Ellison pointed to a growing RAC customer base that numbers 4,200 as evidence that Oracle is ahead of grid competitors. But Burton Group analyst James Kobielus says there's no one leader, largely because there's no one right approach. "Basically, they're playing a game of true grid--my grid is bigger than yours, my grid has more muscle than your grid, my grid is a true grid and yours isn't," says Kobielus. "This is a bunch of bunk. There are a lot of ways to do grid."
Meanwhile, Oracle continues to push the applications it expects will increasingly run on grid architectures. The company provided early details of Oracle's 11i.10 E-business software, due for release later this year, promising a relaunch of the sales and marketing modules of the CRM suite, a beefed-up service module, and more integration with front- and back-end business processes.

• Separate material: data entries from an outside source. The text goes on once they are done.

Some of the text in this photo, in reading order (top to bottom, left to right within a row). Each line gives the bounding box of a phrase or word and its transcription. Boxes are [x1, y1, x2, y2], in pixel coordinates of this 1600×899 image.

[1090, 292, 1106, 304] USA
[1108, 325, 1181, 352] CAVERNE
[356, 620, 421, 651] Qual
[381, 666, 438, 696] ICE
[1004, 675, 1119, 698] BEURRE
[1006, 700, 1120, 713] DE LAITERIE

Ellison reiterated his position that the application market was an overcrowded one, and that it wouldn't be long until a few mammoth apps vendors emerge--Oracle among them--surrounded by innovative companies developing new technologies around the periphery. But some analysts want to see Oracle devote less attention to applications and concentrate on its core database business.
"Apps are under pressure," says Charles Di Bona, analyst with Sanford C. Bernstein & Co. LLC. Di Bona says apps vendors are being forced to eat into margins by offering products at discounts of as much as 80%, and that prime markets, such as ERP, are saturated. "They're competing over table scraps."
While Oracle remains bullish on its apps business, it was clear that its executives were cautious last week in the wake of a rash of unexpected earnings warnings from software vendors. The company wasn't willing to back off its expectation that overall revenue will grow 6% to 9%, and that new software license revenue--both database and applications--will rise 5% to 15%, but the recent news cast a pall over any enthusiasm.
"It's not at all clear to me that something has fundamentally changed to make things a lot worse," said chairman Jeff Henley, who last week handed off the CFO role to former Accenture CFO Harry You. "I hope we're not being naive with our pre-announcement, but we don't think we're seeing the bubble burst."
To the contrary, Ellison said. "This is the recovery--enjoy it," he said. "We're not going back to the lunacy."